Lui sbuffa, ritrae il dito e mi guarda, seccato. « Immagino che tu non hai molto successo con le donne. »
« Immagino che tu non abbia… » sottolineo.
Ops. La solita deformazione professionale.
« Che cazzo stai dicendo?! » esclama lui, furioso oserei dire.
« Nulla. Deformazione professionale. » dico. Poi, però, noto che il suo sguardo furibondo per essere stato preso in giro ora esige delle spiegazioni. Perciò gliele do. « Nella frase che hai detto ci va il congiuntivo con la sua probabilità, e non l’indicativo che ci hai messo tu, perché è il modo della certezza. »
« No! » ribatte lui, seccato. « Tu non hai successo con le donne! È assolutamente certo, se parli in questo modo per rimorchiare! Che cazzo sei, un verginello di merda che viene in discoteca per la prima volta?! »
« No… E poi non parlo così per rimorchiare… »
« Ah… Quindi mi stai dicendo che non ti interesso e che non mi vuoi rimorchiare? »
Lo guardo, senza capire più niente di quella situazione assurda. « Non ho mai detto di volerti rimorchiare. E poi, te l’ho detto, è solo una deformazione professionale. Mi è venuto spontaneo correggerti, è una cosa che nemmeno penso più, ormai. »
« Che rompicazzo. » commenta lui. « Comunque, mister gentiluomo, il mio nome è Mello, visto che prima me l’hai chiesto. Ma per te sono semplicemente Mihael. »
« Mihael?
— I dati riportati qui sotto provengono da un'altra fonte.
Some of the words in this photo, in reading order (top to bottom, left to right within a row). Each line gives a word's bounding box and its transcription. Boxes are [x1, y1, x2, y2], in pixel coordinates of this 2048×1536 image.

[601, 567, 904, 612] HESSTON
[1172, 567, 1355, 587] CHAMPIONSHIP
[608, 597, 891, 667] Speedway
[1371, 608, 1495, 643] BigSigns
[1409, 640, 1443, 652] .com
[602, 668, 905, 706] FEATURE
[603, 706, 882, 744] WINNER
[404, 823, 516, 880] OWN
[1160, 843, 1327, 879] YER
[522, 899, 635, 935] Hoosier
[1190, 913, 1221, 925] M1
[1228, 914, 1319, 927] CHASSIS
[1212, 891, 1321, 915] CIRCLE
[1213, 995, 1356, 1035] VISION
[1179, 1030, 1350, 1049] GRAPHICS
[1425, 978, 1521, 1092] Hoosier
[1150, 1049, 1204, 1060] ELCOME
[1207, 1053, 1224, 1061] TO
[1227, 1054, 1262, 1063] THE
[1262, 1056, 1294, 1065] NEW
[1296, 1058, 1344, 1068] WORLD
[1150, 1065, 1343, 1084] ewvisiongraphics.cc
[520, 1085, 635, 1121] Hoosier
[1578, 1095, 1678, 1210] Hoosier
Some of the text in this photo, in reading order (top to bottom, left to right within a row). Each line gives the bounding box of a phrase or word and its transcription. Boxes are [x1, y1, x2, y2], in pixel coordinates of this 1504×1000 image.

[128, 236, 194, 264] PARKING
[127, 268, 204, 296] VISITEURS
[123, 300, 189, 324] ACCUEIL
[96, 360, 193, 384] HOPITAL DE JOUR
E perché non Mello? » domando, curioso.
« Perché Mello è per gli amici, e tu non sei mio amico. » replica lui, con un ghigno. « Hai intenzione di presentarti? »
« Mail Jeevas. » dico, un po’ seccato.
« Mail? » chiede, guardandomi. « Non mi piace. Ti facevo più con un nome diverso… tipo Matt. »
« E invece mi chiamo Mail. » rispondo. « E sarei contento se anche tu mi chiam… Che stai facendo?! »
Mello si mette di nuovo a cavalcioni su di me, in un modo identico a quello in cui era quando me lo sono trovato davanti. Nelle sue iridi, sarcasmo, ironia, malizia e libidine. Mi prende delicatamente il volto con le mani.
« Tu non sei etero. » dice. « Un etero normale se ne sarebbe andato appena mi sono seduto di fianco a te e sono stato zitto. »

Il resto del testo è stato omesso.